Milho

Milho

Relação entre preço de trigo e milho deve se manter, afirma presidente da OCB


Agência Estado - Publicado: 21 Set 2021 - 15:17

A paridade entre os preços do trigo e do milho no mercado nacional deve se manter, avalia o presidente da Organização das Cooperativas Brasileiras (OCB), Márcio Lopes de Freitas.

“É natural que o milho, atingindo R$ 90 por saca, seja atrativo para produtor investir no plantio do cereal. Mas a decisão de plantio não é muito matemática, não considera apenas rentabilidade”, disse Freitas durante o 28º Congresso Internacional da Indústria do Trigo, realizado pela Associação Brasileira da Indústria do Trigo (Abitrigo) nesta terça-feira.

Na avaliação de Freitas, a decisão da semeadura de milho ou trigo depende de variáveis como o plantio e o desenvolvimento da soja. “Se plantar agora para aproveitar esse preço, perde janela da soja. Se sair com (o plantio da) soja, dependendo do clima, a janela para plantio de milho safrinha pode ficar curta e o trigo pode ser uma alternativa interessante”, comentou.

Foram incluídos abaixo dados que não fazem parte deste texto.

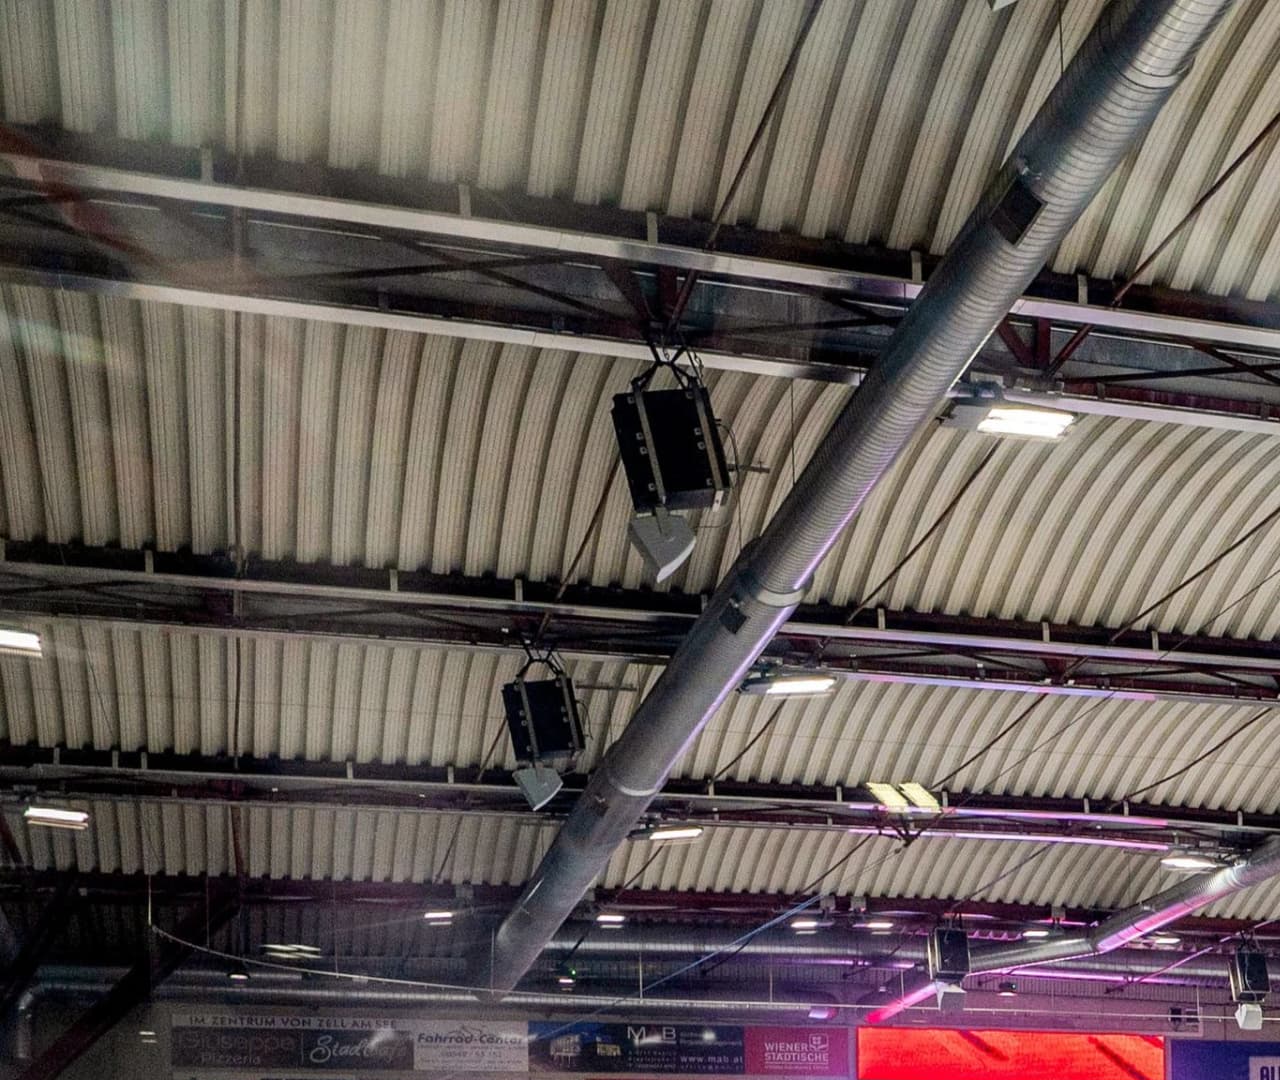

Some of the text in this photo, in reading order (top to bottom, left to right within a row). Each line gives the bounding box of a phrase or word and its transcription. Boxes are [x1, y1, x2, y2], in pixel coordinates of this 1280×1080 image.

[211, 1017, 275, 1027] ZENTRUM
[280, 1018, 312, 1028] VON
[317, 1019, 348, 1028] ZELL
[351, 1019, 372, 1028] AM
[764, 1042, 808, 1052] WIENER
[201, 1052, 262, 1065] Pizzeria
[764, 1051, 829, 1063] STÄDTISCHE

Ele citou também que outro fator que pode estimular o plantio nacional de trigo é a necessidade de cereal para indústria de carnes, diante da queda na produção de milho e maior destinação de milho para produção de biocombustível.

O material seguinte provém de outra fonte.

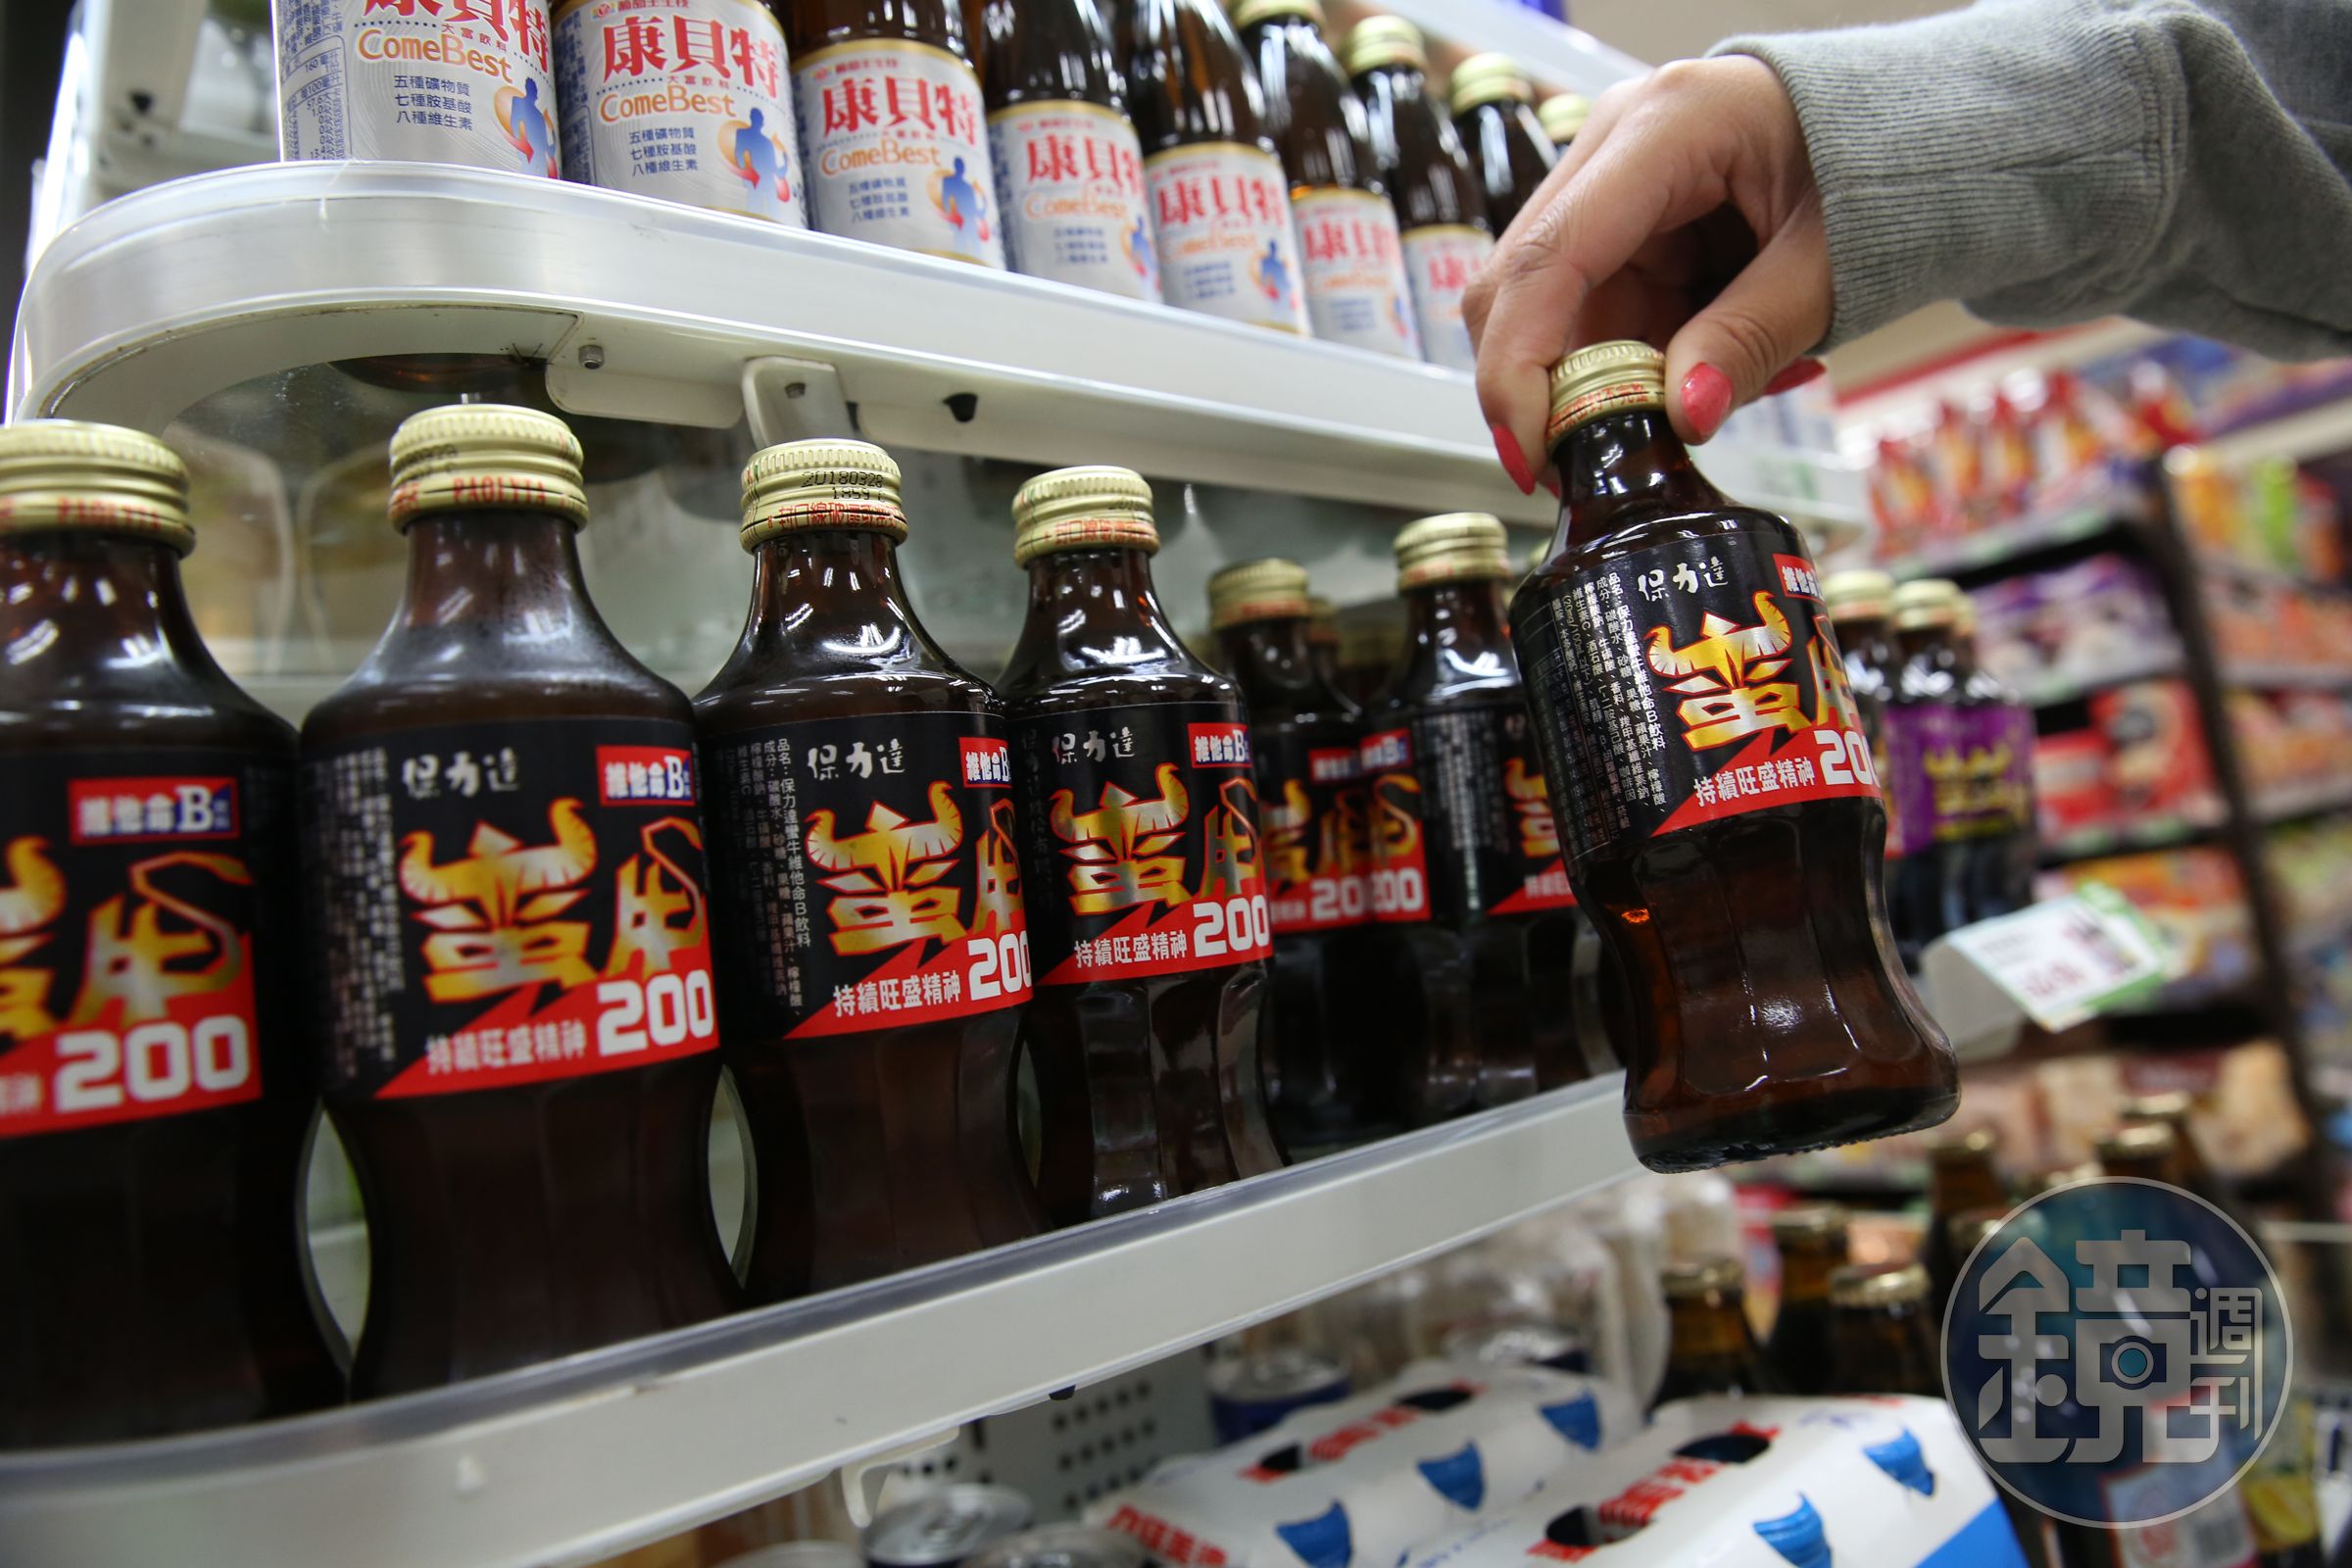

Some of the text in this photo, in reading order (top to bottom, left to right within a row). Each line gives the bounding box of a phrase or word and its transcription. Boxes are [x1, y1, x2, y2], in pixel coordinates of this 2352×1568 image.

“Temos casos de cooperativas no Brasil que, além da recepção de cereais, atuam na cadeia da carne, e incentivam o produtor a semear segunda ou terceira safa com trigo e até dão prêmio para isso”, disse Freitas. Ele citou o caso da Coopavel, que está concedendo seguro agrícola e zerando as taxas de fertilizantes e defensivos para produtores que expandem a área com trigo.

Também presente no evento, o consultor privado do mercado de trigo Pablo Maluenda apontou que as cotações dos cereais costumam ter a mesma direção pelo fato de serem substitutos na ração animal.

“No último ano, vimos que o uso de milho para etanol aumentou no mundo de 8% para 35%, o que subiu imediatamente os preços de milho e do trigo, consequentemente, em virtude de restar menos milho para alimentação animal”, comentou. Além disso, ambos competem o uso das terras agrícolas, o que mantém os preços em paridade, acrescentou Maluenda.

Na avaliação do consultor, os preços internacionais do trigo também seguirão influenciados no curto prazo, além da relação de competitividade com o milho, pela importação chinesa, exportações russas e norte-americanas no curto prazo. “Devemos estar preparados para oscilações bruscas nos preços dos próximos anos”, projetou.